Exercise prompt => Lines before the one containing "Some of the words" are to be skipped; reproduce that line and the rest of the records below exactly.

BEGIN

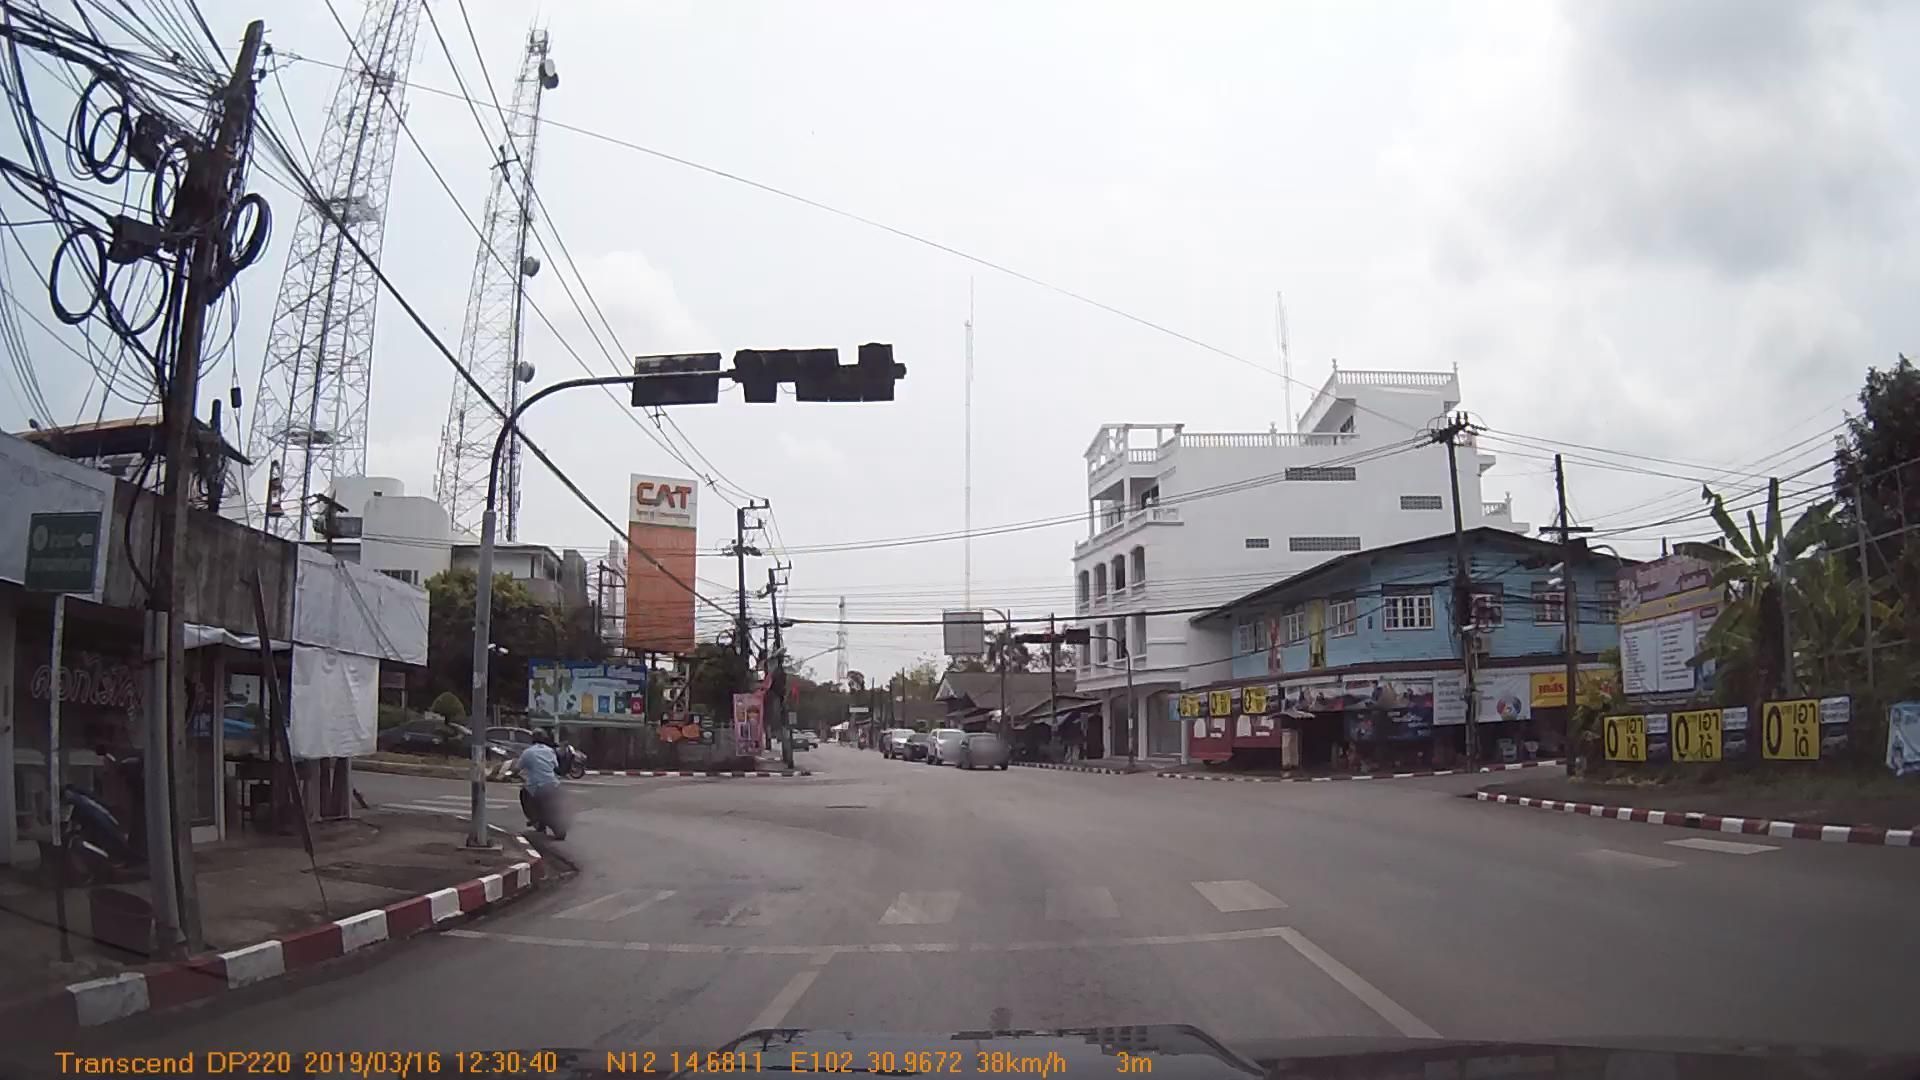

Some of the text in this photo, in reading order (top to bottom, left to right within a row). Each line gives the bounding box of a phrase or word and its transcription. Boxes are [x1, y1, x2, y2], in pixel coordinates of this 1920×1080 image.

[637, 482, 692, 509] CAT
[1607, 719, 1618, 757] 0
[1675, 715, 1689, 757] 0
[1766, 705, 1782, 755] 0
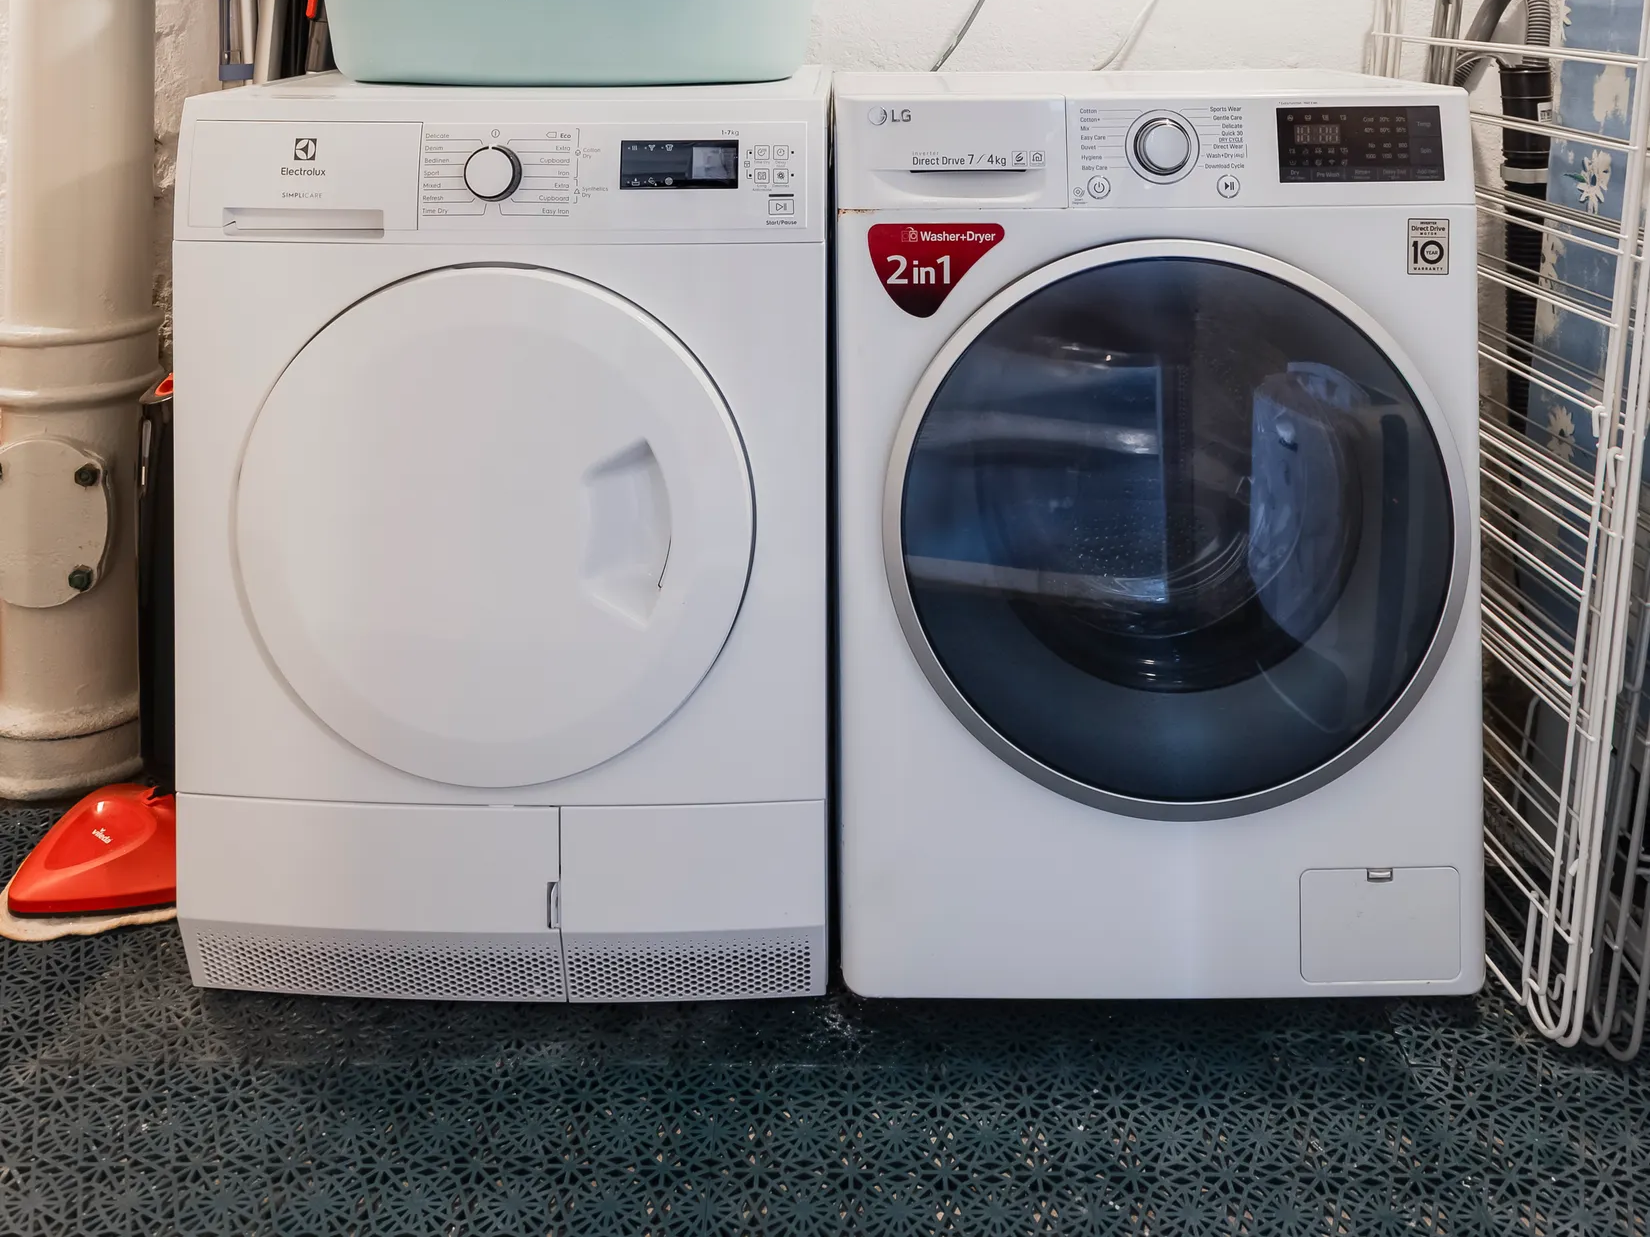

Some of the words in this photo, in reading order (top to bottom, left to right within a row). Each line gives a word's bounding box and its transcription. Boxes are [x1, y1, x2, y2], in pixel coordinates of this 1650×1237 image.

[891, 109, 912, 123] LG
[912, 156, 940, 166] Direct
[942, 156, 965, 166] Drive
[280, 167, 326, 176] Electrolux
[542, 207, 556, 215] Easy
[920, 230, 996, 244] Washer+Dryer
[1411, 240, 1444, 265] 10

END

Result below =>
Some of the words in this photo, in reading order (top to bottom, left to right within a row). Each line gives a word's bounding box and its transcription. Boxes are [x1, y1, x2, y2], in pixel coordinates of this 1650×1237 image.

[891, 109, 912, 123] LG
[912, 156, 940, 166] Direct
[942, 156, 965, 166] Drive
[280, 167, 326, 176] Electrolux
[542, 207, 556, 215] Easy
[920, 230, 996, 244] Washer+Dryer
[1411, 240, 1444, 265] 10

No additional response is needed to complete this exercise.